Catherine Webb – The Extraordinary and Unusual Adventures of Horatio Lyle

Wednesday, February 10th, 2010

This is rather good Victorian adventure, starring eccentric inventor & Special Constable Horatio Lyle. And his dog Tate, which gives a neat summary of the level of humour involved!

The science involved is impeccable, and there’s something irresistable about a hero who carries dangerous chemicals around in his pockets. The two other protagonists, Tess the burglar and Thomas the young gentleman, are pleasantly sketched, but obviously will always be more interesting to actual young readers.

As is Extremely Traditional for stories set in the Victorian period, the villains are Chinese; this can get rather dodgy, but there are also Chinese third-parties who both aid and work against the protagonists at different times. The part I’m not sure at all about is the tseiqins’ allergy to iron & magnetism, a characteristic normally given to very Celtic creatures. That said, it’s perfect for an antagonist in this period.

Wishlist

Monday, January 25th, 2010

Or rather, a few sketchy notes of things I’m going to have to acquire in the near future.

Spellwright, by Blake Charlton. (website) Complex written magic, disability, and murder mystery.

The Hundred Thousand Kingdoms, by NK Jemisin. (website) I’d been planning to pick this up since I first heard about her work, but it went abruptly up the list after reading her short story The Narcomancer on Transcriptase.

Manual of Detection, by Jedediah Berry. (website – annoyance warning: Flash, with embedded sound) The first plug I heard for this was “a reallly cool China Mieville meets Raymond Chandler with a dash of Jasper Fforde fantasy detective story”, and how could that not appeal?

Nights of Villjamur, by Mark Charan Newton. (website) A brief look over the material online – since when I know I want to read something, I prefer to stay away from reviews and extracts till I’ve read the whole thing – gives me the idea that it’s rather like China Mieville or Liz Williams via TS Eliot.

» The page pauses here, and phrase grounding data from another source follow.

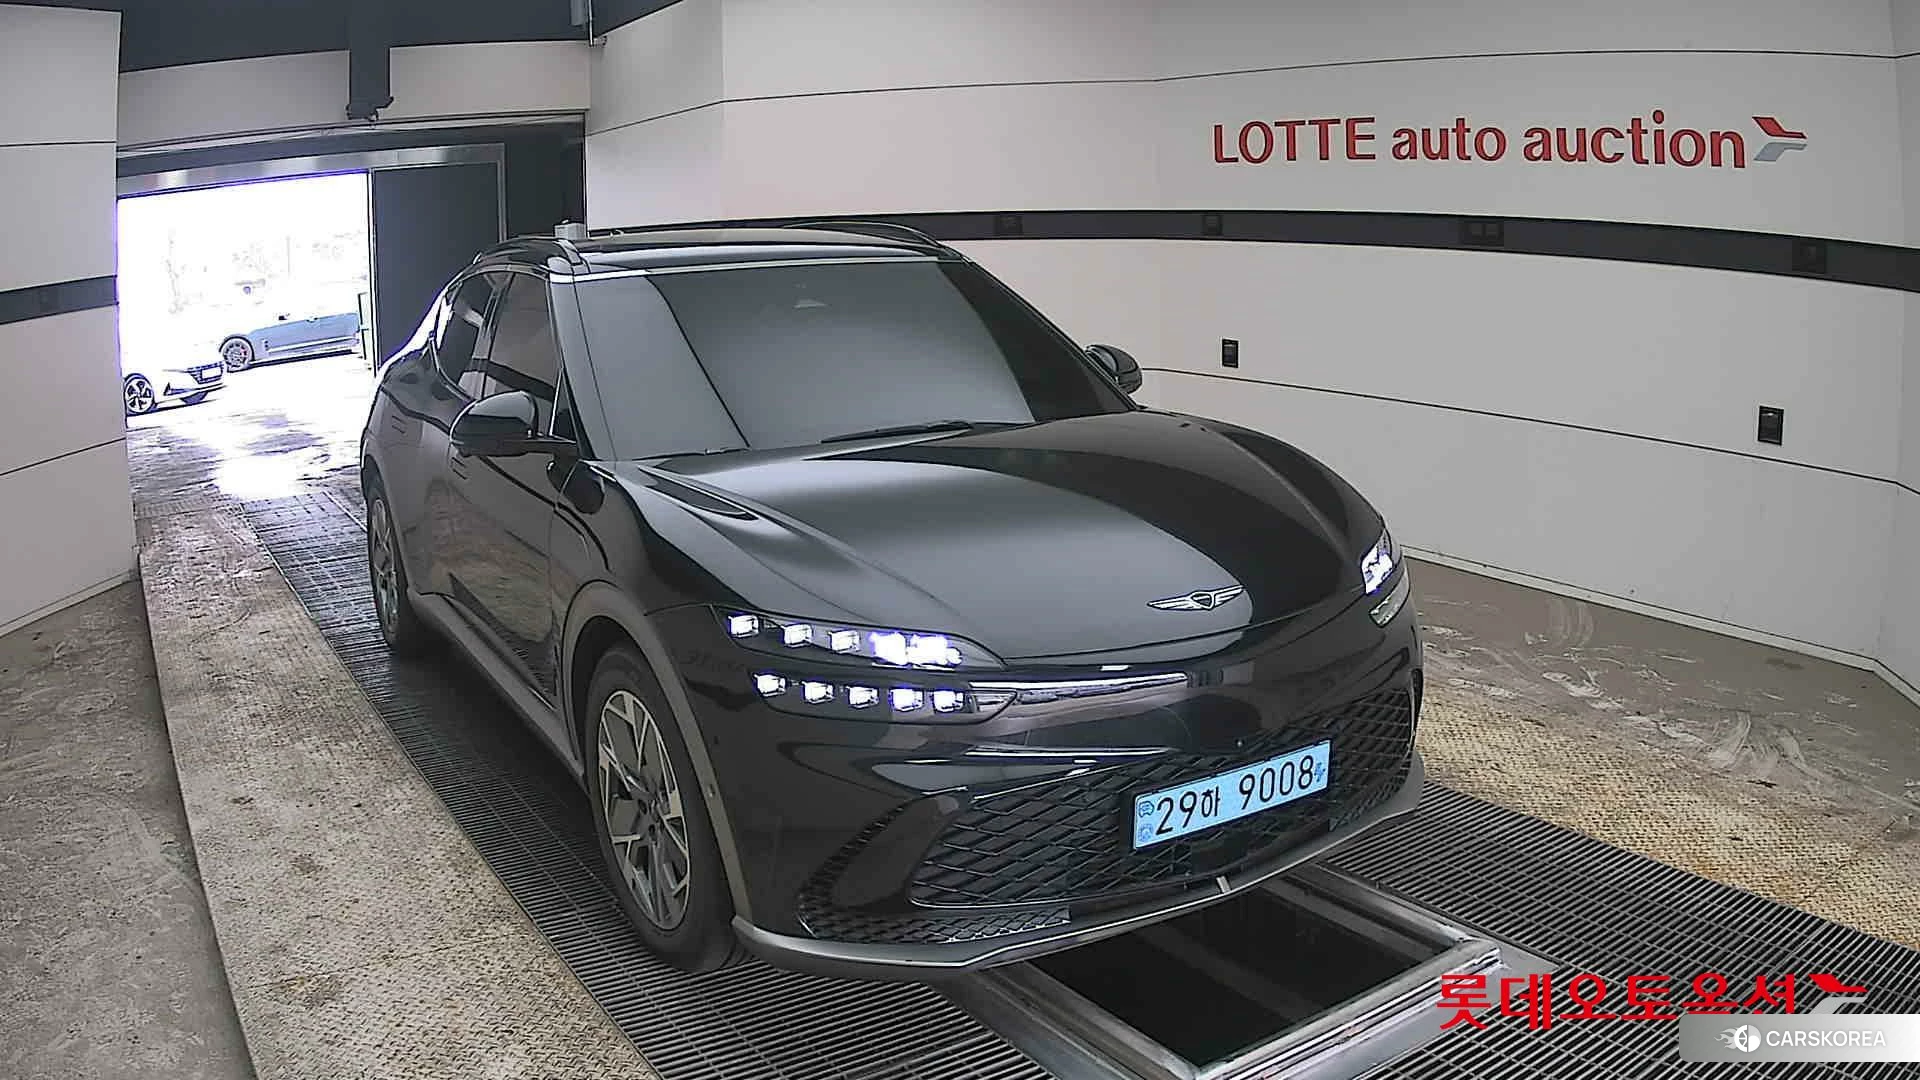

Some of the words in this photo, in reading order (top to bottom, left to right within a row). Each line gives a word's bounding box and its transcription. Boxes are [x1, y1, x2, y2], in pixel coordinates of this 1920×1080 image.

[1213, 117, 1376, 163] LOTTE
[1391, 117, 1507, 162] auto
[1523, 109, 1747, 169] auction
[1155, 786, 1221, 835] 29하
[1239, 755, 1314, 810] 9008

Hm. Most of these seem to be murder mysteries. Perhaps there’s something in the SF/murder mystery intersection for this year, or perhaps it’s just me. Bujold’s GOH speech at Denvention makes a passing reference to a blood type system of genre, where SF is a universal acceptor and mystery a universal donor; I’m still of the opinion that they’re on orthogonal axes, somehow.

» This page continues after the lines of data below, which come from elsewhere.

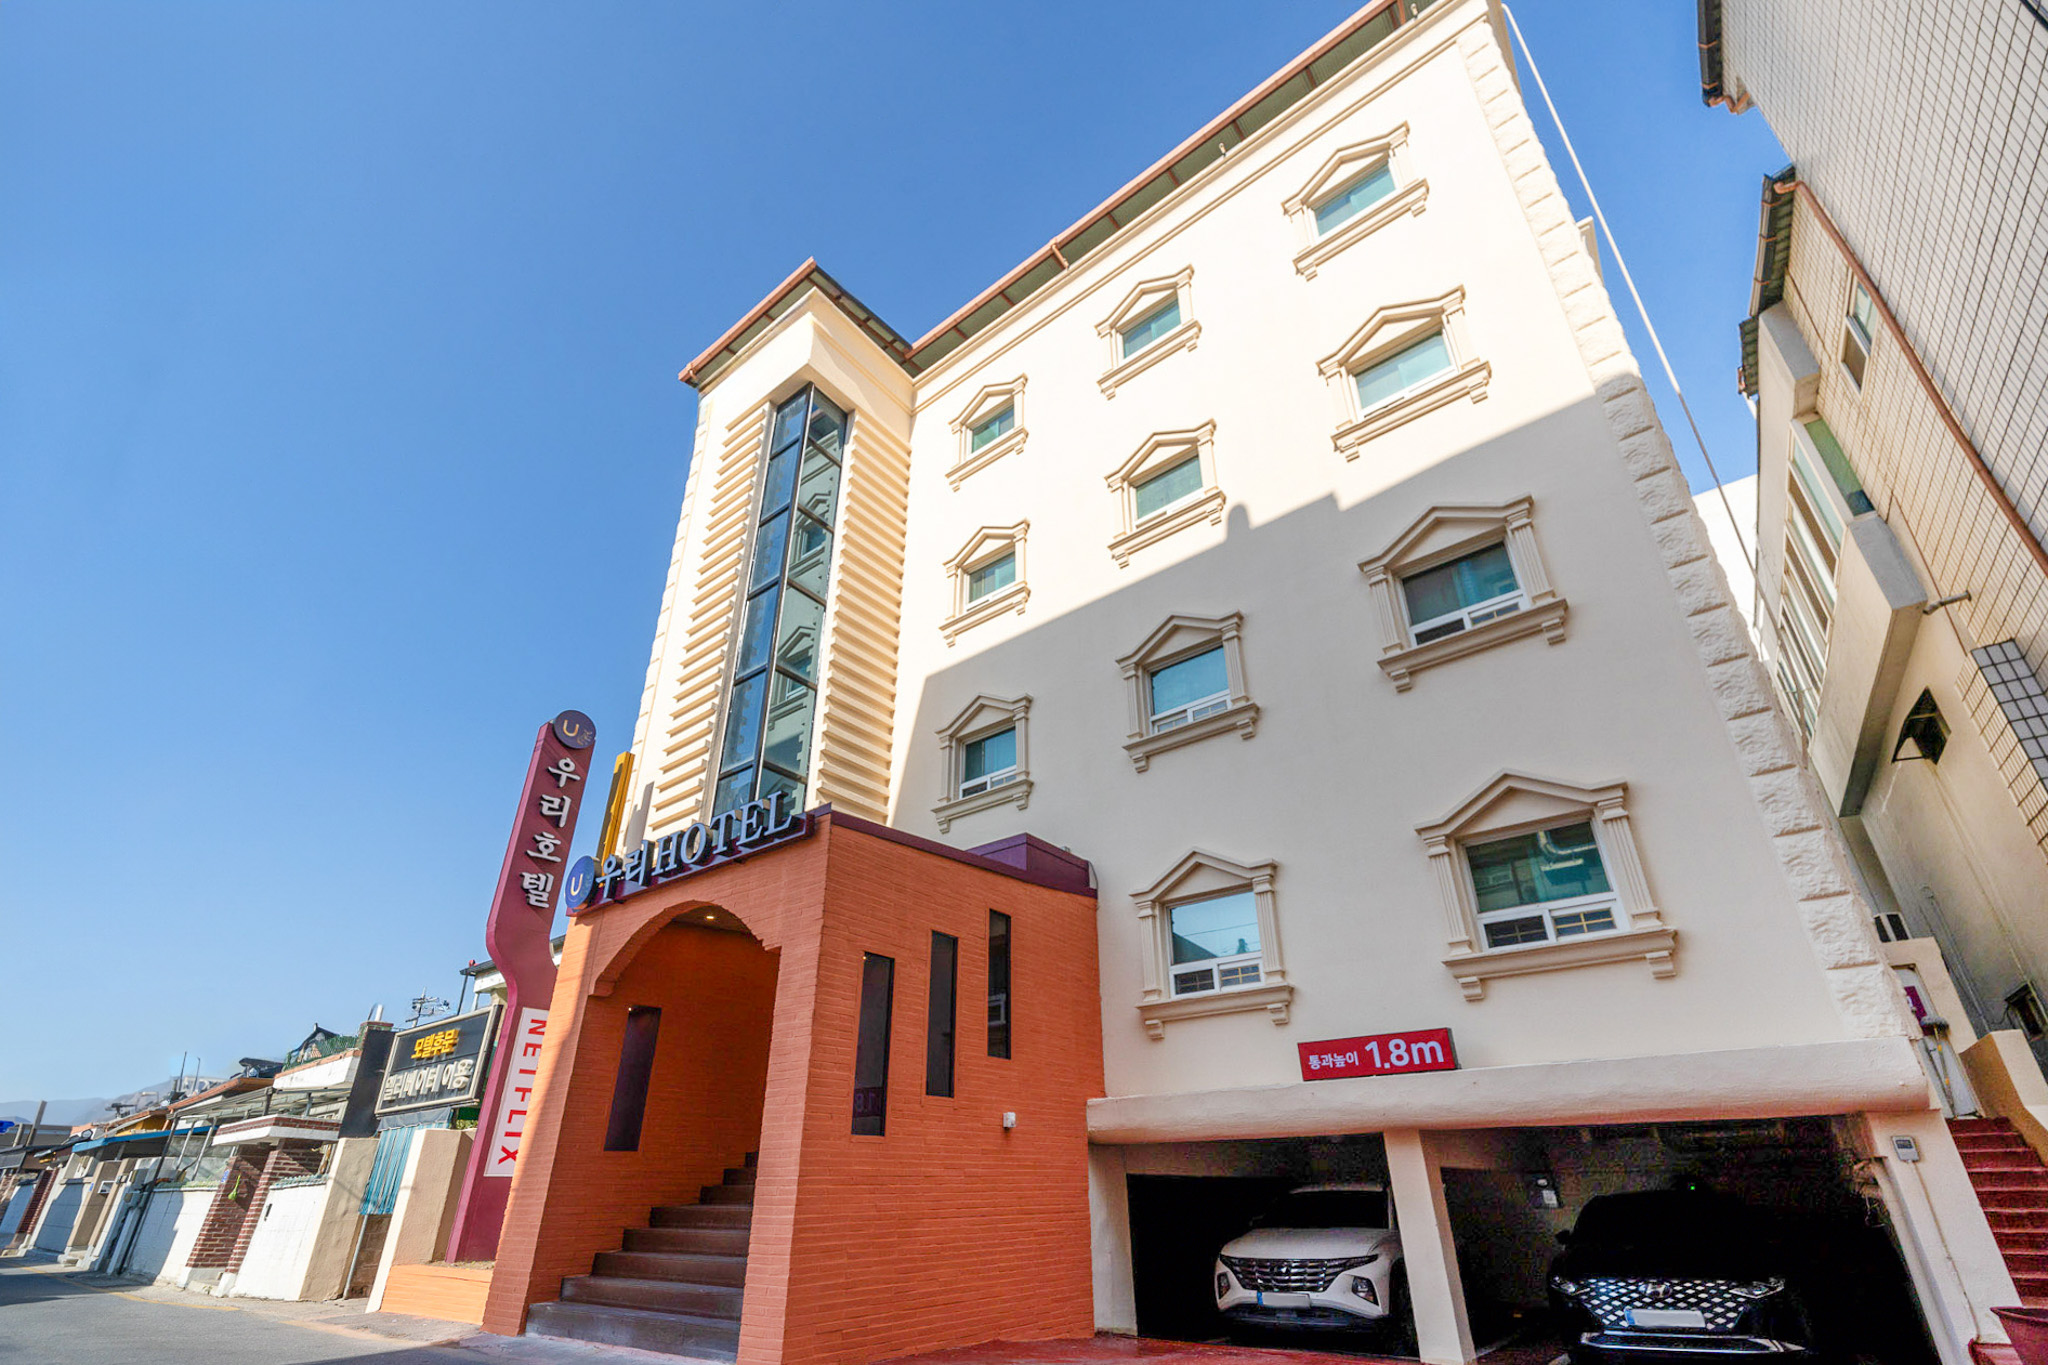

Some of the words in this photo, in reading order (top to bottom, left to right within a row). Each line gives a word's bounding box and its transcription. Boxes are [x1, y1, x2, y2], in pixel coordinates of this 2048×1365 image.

[520, 757, 581, 909] 우리호텔
[411, 1029, 459, 1060] 모텔후문
[1308, 1051, 1359, 1070] 통과높이
[1364, 1038, 1444, 1069] 1.8m
[383, 1063, 446, 1102] 엘리베이터
[441, 1059, 475, 1091] 이용

Connie Willis – To Say Nothing of the Dog

Saturday, June 27th, 2009

If the proposition had been put to me, prior to reading this novel, that it was even remotely possible for a text to be at one and the same time a time travel caper, a 1930s detective story, a deconstruction of the Country House Novel, and an extended meditation on modelling chaotic systems and the cosmological significance of jumble sales, I would (I freely admit) have been dubious.

There are so very many things I would like to say about this book, but it will take another half-dozen readings at least for me to understand it properly. That is, however, a chore I will undertake with equanimity.

Normally, I would encourage all of you to read this book immediately; however, that would be wrong of me. You must, if you have not already, read Three Men in a Boat (though The Wind in the Willows will do at a pinch), The Complete Jeeves and Wooster, By His Bootstraps, The Murder of Roger Ackroyd, William the Conqueror, and at the very least The Nine Tailors and Gaudy Night. Then you must read this book.

I was a little disappointed when I worked out one of the central mysteries long before the protagonists did; but then again, it was (in retrospect) inevitable, and I suspect Willis would have been disappointed if a genre-aware reader hadn’t been expecting that.

The book is gentle, witty, poignant, and more than occasionally side-splittingly hilarious. It runs on cheerfully, like the ever-flowing stream which forms such an eminently Victorian metaphor for time, but – like the stream – there are all sorts of interesting eddies and crosslinks inside the flow. Nothing is insignificant, the story tells us. Nothing gets ignored or passed over; not bulldogs, Oxford Dons, kittens, spinster ladies, or the most egregiously hideous Victorian decorative ware. All Nature is but Art.